9年ぶり3度目の最強者となった橋口正さん=佐賀市の神野公園内「神野のお茶屋」

 第39期佐賀県アマ囲碁最強者戦(佐賀新聞社主催)の挑戦手合三番勝負の第2局が12日、佐賀市の神野公園内「神野のお茶屋」で開かれ、挑戦者の橋口正さん(60)=武雄市=が、前期最強者の久保弘さん(80)=小城市=を2連勝で下し、9年ぶり3度目のタイトルに輝いた。

 橋口さんが先番。黒の互い小目に白2連星のスタート。右下隅、白14キリから始まった戦いの分かれは、黒が窮屈な形となった。白50ハネに対し黒は51にキリ、白を攻めたが、白52の手入れが冷静。黒の攻めが自分の模様に白を追い込む進行になり、形勢を損ねて白優勢の局面になった。

 黒は三々に侵入して白地を削減したが、白模様のスケールが大きく、白のリードが続いた。ところが、黒113キリ込みに対し白が受け方を誤り、9子を取られ黒の挽回を許した。その後は細かいヨセ合いとなったが、橋口さんが1目半を残し、第1局に続き連勝した。

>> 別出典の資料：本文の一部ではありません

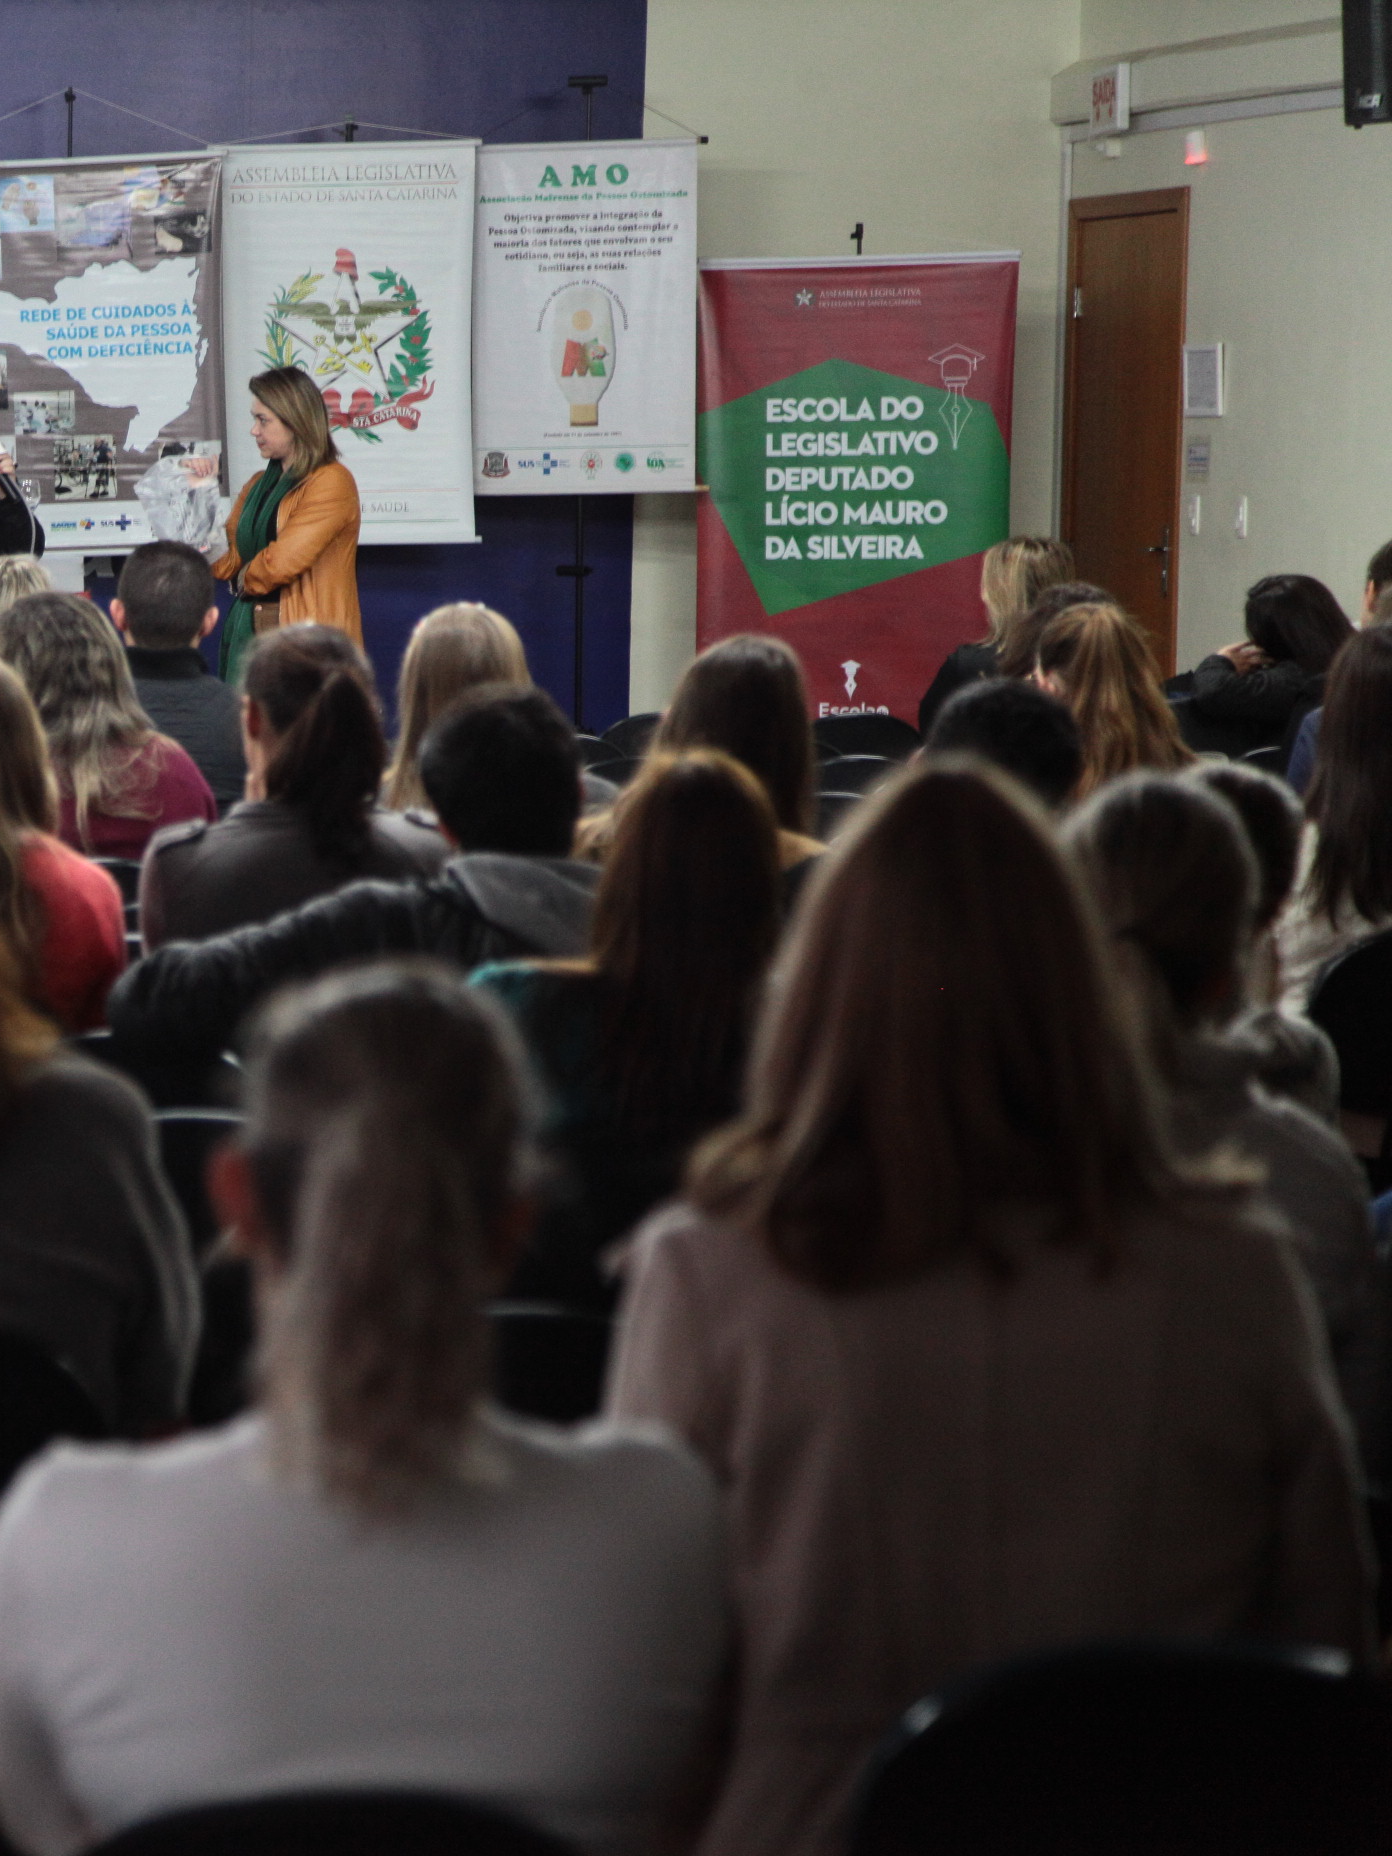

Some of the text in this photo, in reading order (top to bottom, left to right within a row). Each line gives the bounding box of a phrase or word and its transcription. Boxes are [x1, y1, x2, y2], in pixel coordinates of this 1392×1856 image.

 橋口さんは「2日間、割と良く打てた。久保さんはなかなか勝てない相手なのでうれしい」と久々のタイトル奪取を喜んだ。久保さんは近年、今大会だけに照準を絞っている。惜しくも4連覇と18度目のタイトルを逃した。「中盤の攻めで間違えたのが大きく、実戦不足も痛かった」と語った。